As each has received a gift, use it to serve one another, as good stewards of God’s varied grace.

1 Peter 4: 10

As a result of the many years that I have lived as a follower of Christ, there is at least one thing that I am very clear about, God is very generous. He has given me gifts that are remarkable, wonderful, and beyond measure in their scope and scale. God pours life into His people, and He grants gifts of His Spirit to us. The Lord is also the type of Father that builds a confident sort of strength into us. He lets us go and gives us space to roam this world and to explore its wonders; yet, He is never all that far away should we need advice, counsel, encouragement, or rescue. All of this generosity is founded upon one overwhelmingly great gift that was given to us in the person of Jesus Christ and that was fully unveiled upon the cross and made complete in Christ’s resurrection. Even His return to the Father in Heaven was not a loss for people on this earth, for Christ gave His Spirit to us and in the presence of the Spirit we are each granted gifts to use in service to our Lord and for the sake of His kingdom.

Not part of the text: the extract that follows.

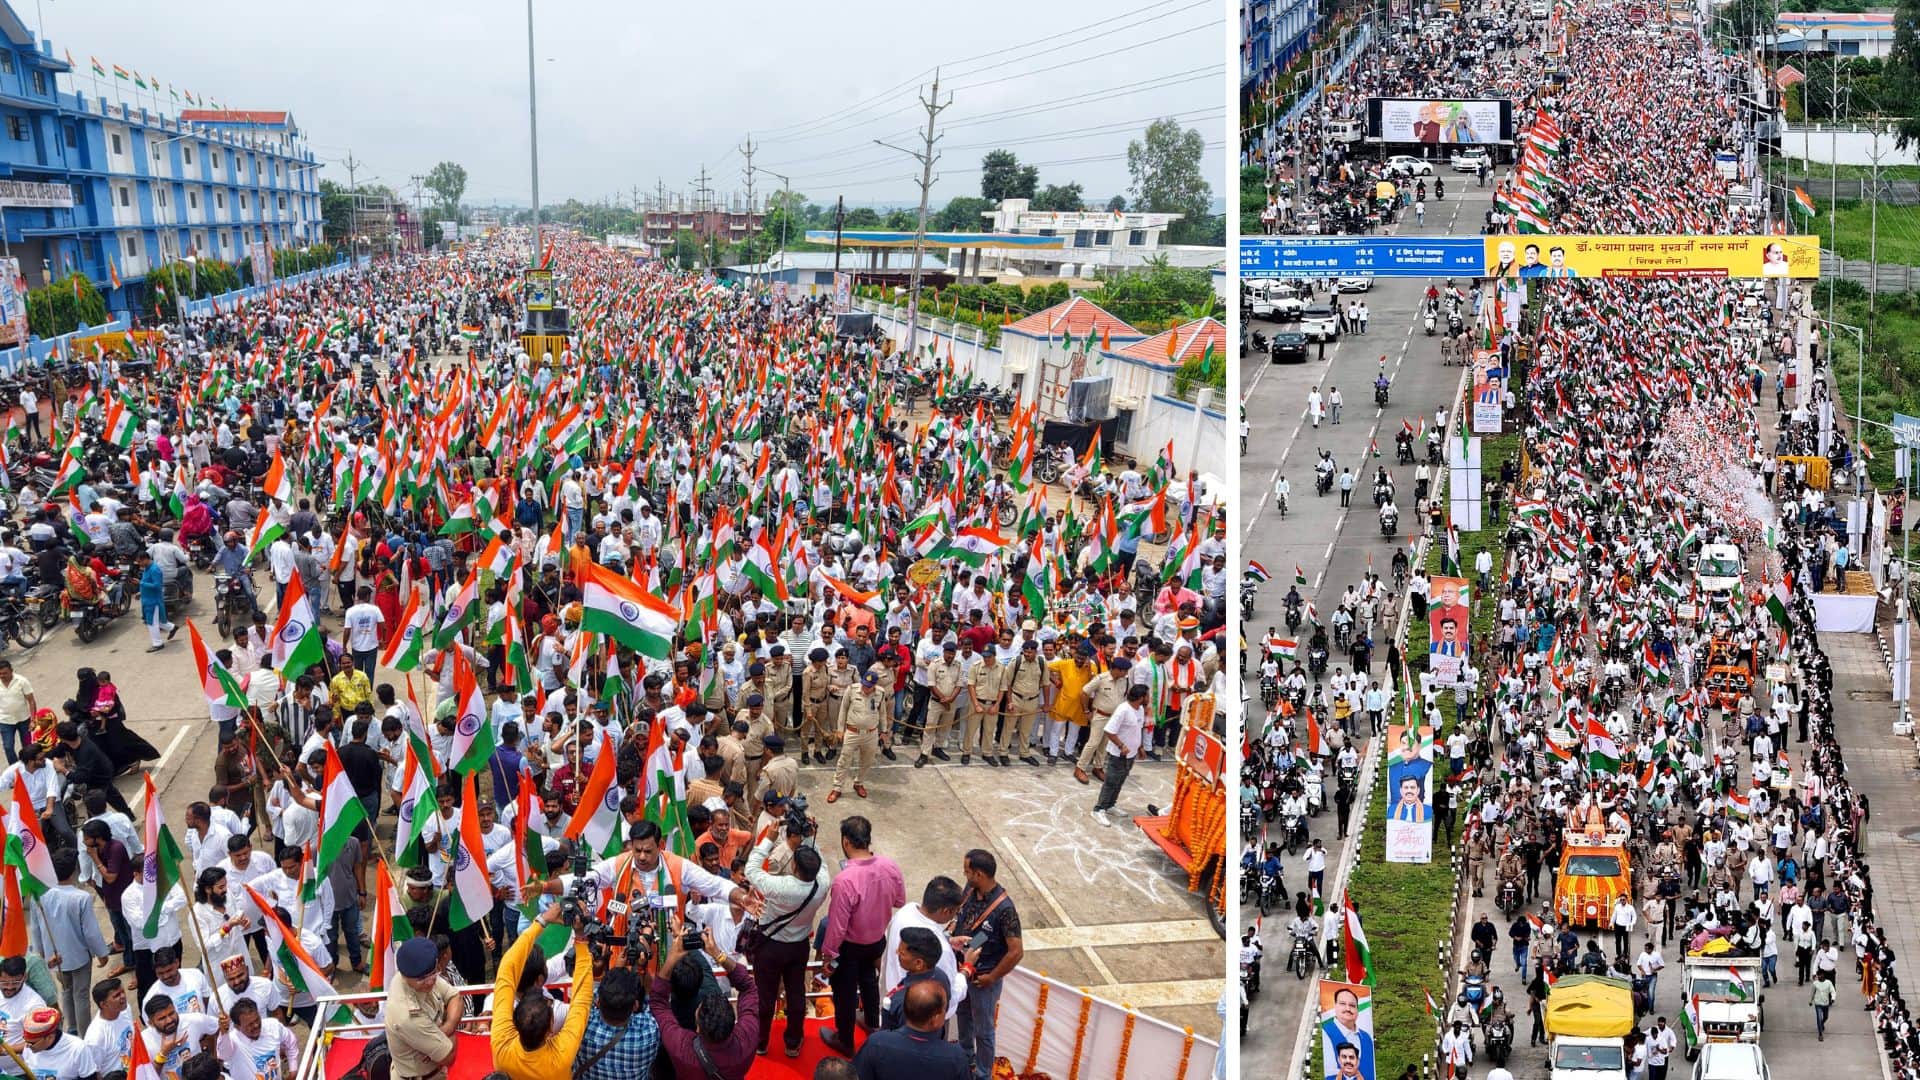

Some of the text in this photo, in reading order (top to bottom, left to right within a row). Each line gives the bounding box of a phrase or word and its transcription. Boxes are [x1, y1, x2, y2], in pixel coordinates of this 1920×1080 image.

The work of service that we are called to perform is highly varied. It is designed by God to fit the needs of this world as it is in our time, and it is also tailored to be the perfect fit for each of us at that moment. It is important for us to remember that these gifts are not given to us in order to build us up or to create any sense of superiority on our parts. Although they are great and wonderful, and some of them seem to be more significant, important, or powerful in human terms, from God’s perspective these gifts are all of equal worth and none of them are intended to set an individual apart as greater or more valuable than other followers of Christ. The gifts that we are given are intended to be given away in full, and we are called to serve others with all that the Lord has granted to us. There is no need to hold back anything or to attempt to protect these gifts from overuse or from depletion by virtue of giving them away. These gifts and the grace that was poured out upon us by Christ in granting them to us flow out of an unquenchable fountain of blessing that God has freely opened for His people to drink from.

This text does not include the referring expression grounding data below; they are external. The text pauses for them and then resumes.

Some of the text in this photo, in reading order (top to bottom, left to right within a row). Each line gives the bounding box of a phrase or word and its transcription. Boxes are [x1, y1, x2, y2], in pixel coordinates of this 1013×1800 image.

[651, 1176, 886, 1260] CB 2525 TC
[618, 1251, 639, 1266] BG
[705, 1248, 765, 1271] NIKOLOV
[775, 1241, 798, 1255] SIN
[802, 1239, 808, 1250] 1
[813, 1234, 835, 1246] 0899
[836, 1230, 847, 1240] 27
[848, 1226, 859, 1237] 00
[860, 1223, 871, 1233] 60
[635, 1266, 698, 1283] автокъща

As we have received from God, so we are to give away all that we possess with the sure promise that we will be replenished as we need that resupply. There are times when the burden and the effort of this giving into the lives of others can become very heavy and we can become weary or worn down. These are days when we need the help and the support of other people who claim the same faith in Christ. These are times when we can lean into Christ’s body, the church, and allow others to walk with us, to grant us a safe place to rest, and to provide insight and encouragement that come directly from God’s Word and are poured into them and into us by His ever-present Spirit. Even with the Spirit within us and the gifts that God has granted to us at hand, none of us are intended by the Lord to walk through this life on our own. His design, plan, and intent for the journey that He sends each of His people on is for us to do this traveling with companions and in the gathered strength of His body of fellowship. In this setting, the grace that we require to sustain us can be found, the wisdom that is needed to assess each day is gathered together, and the opportunity to serve others as we allow them to serve us is granted full expression.